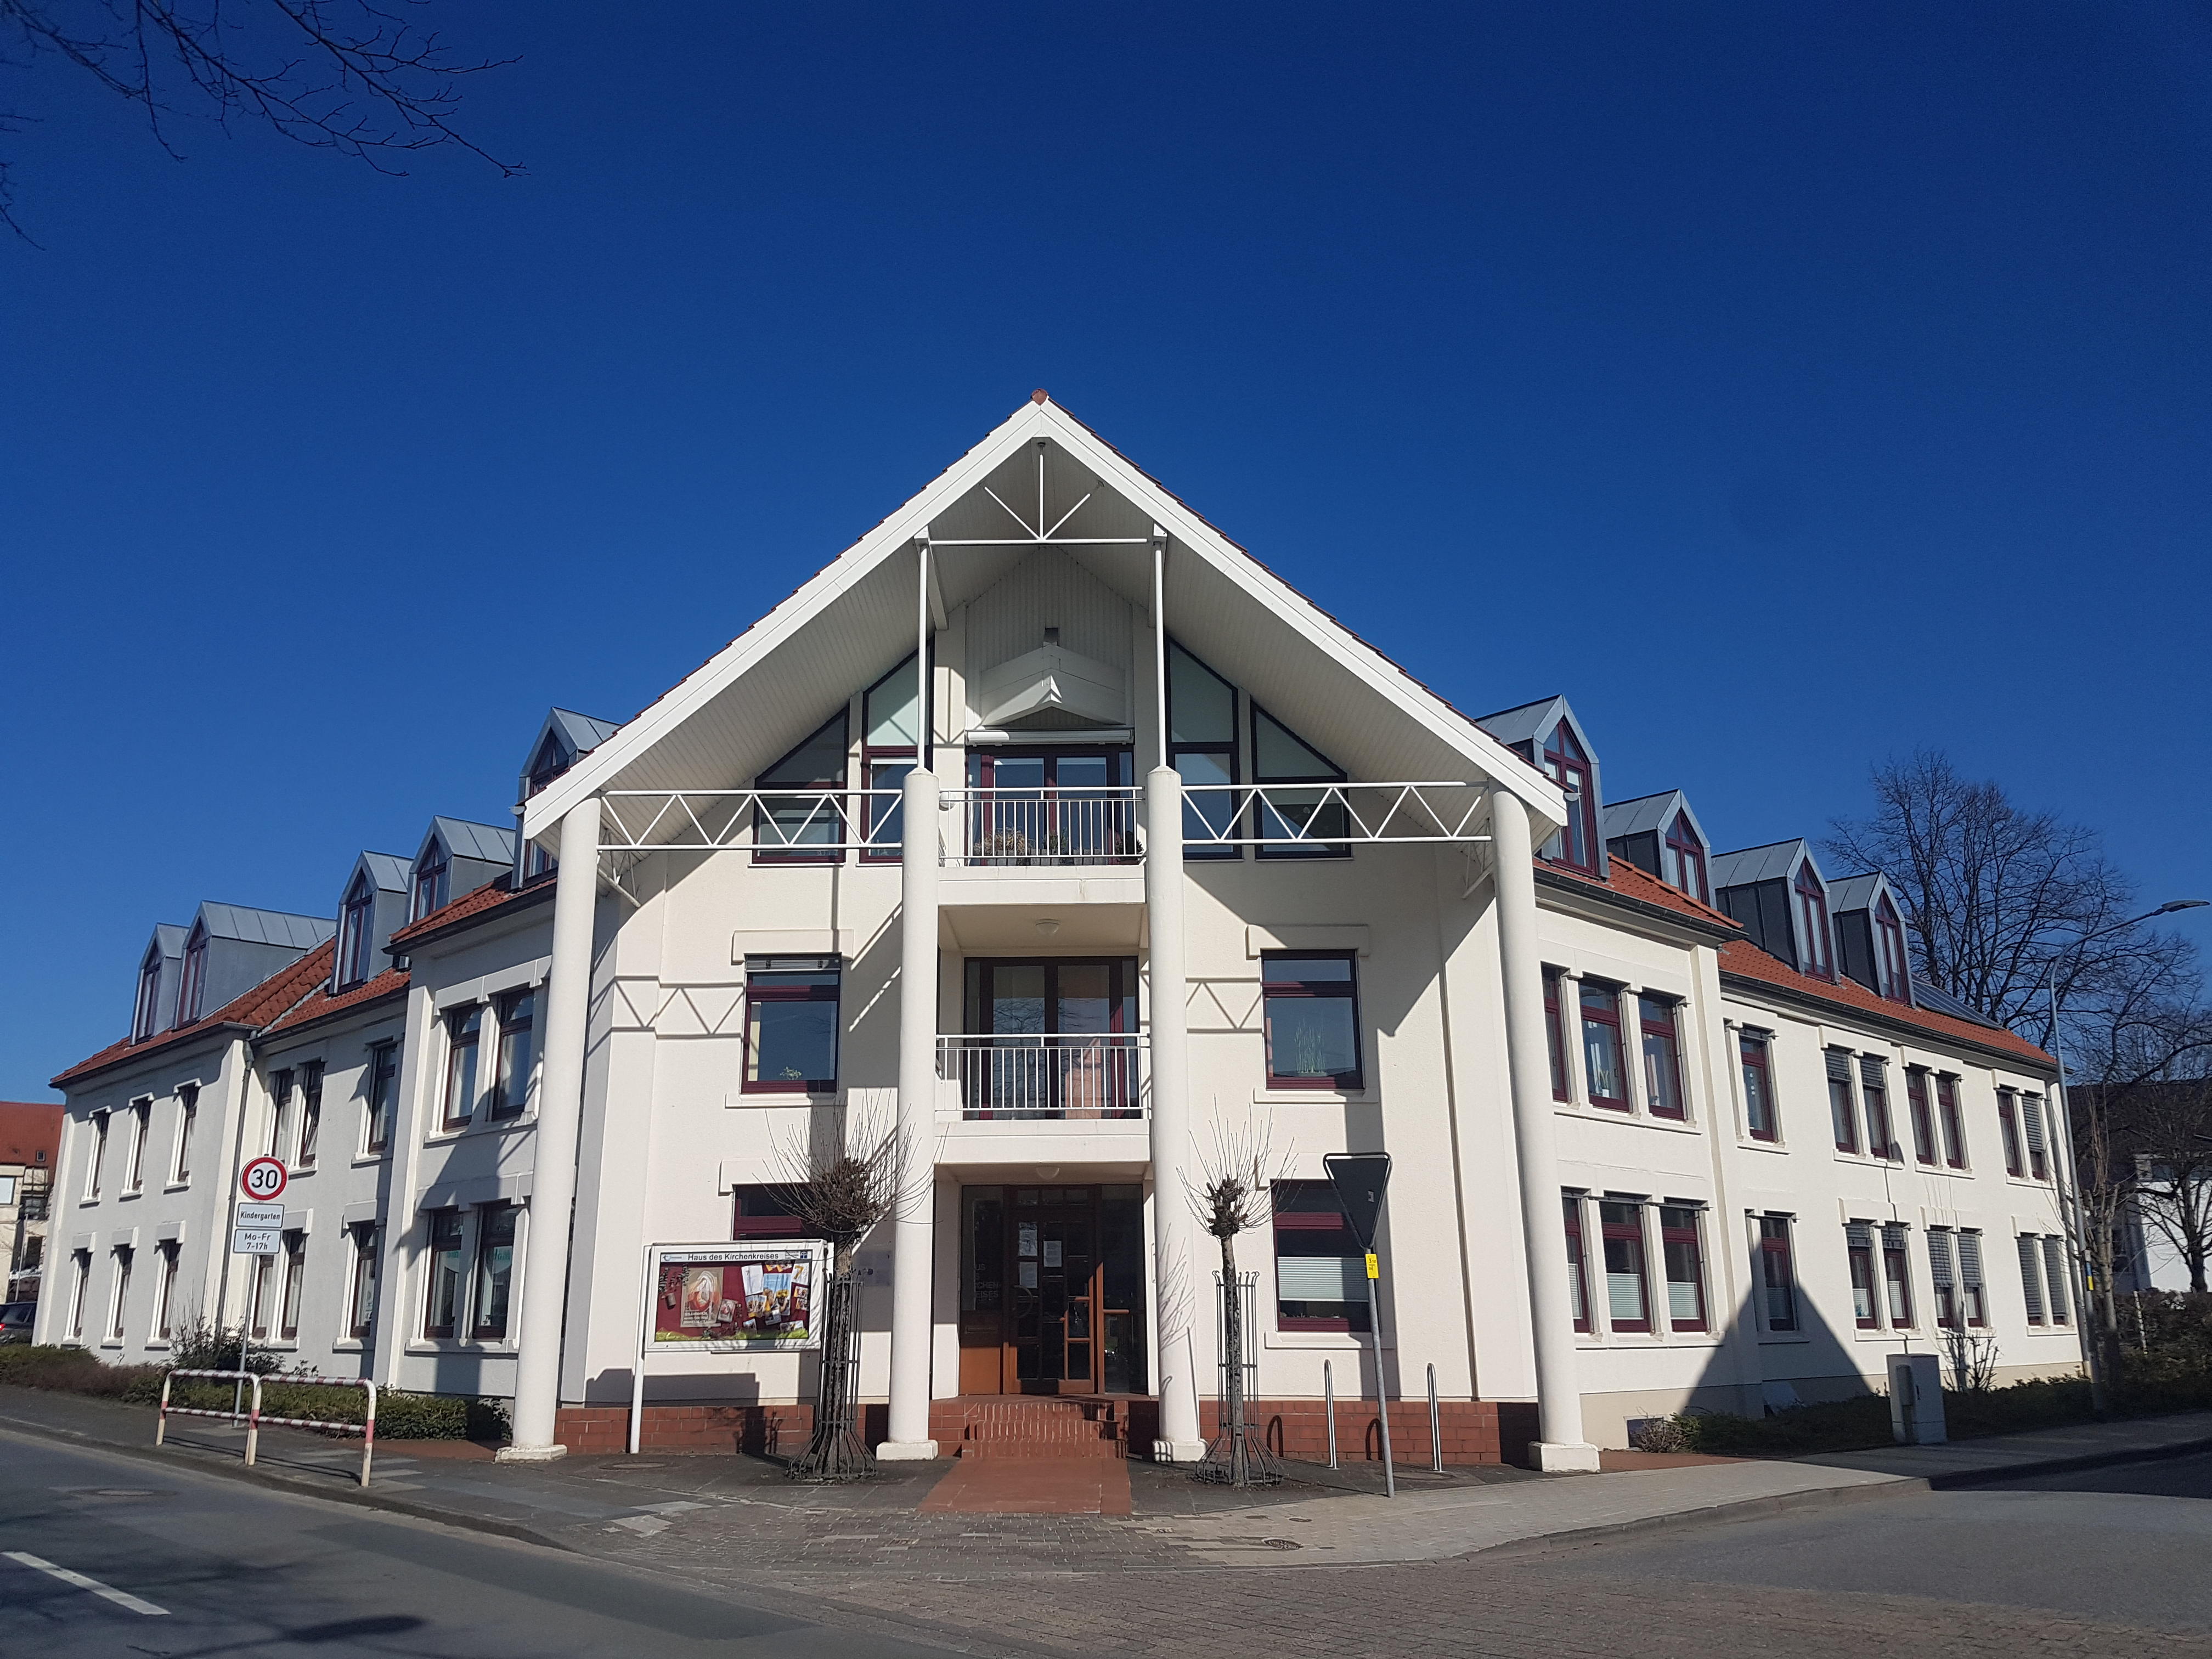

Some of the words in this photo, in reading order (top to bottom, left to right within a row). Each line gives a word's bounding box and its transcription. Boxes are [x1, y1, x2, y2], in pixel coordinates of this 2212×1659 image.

[251, 1169, 278, 1189] 30
[240, 1211, 280, 1221] Kindergarten
[244, 1233, 271, 1241] Mo-Fr
[246, 1242, 268, 1250] 7-17h

-- -- --

Try it:
The data must be repeated exactly. Any pictures in it are to be left out.

Solution:
Some of the words in this photo, in reading order (top to bottom, left to right within a row). Each line gives a word's bounding box and its transcription. Boxes are [x1, y1, x2, y2], in pixel coordinates of this 2212×1659 image.

[251, 1169, 278, 1189] 30
[240, 1211, 280, 1221] Kindergarten
[244, 1233, 271, 1241] Mo-Fr
[246, 1242, 268, 1250] 7-17h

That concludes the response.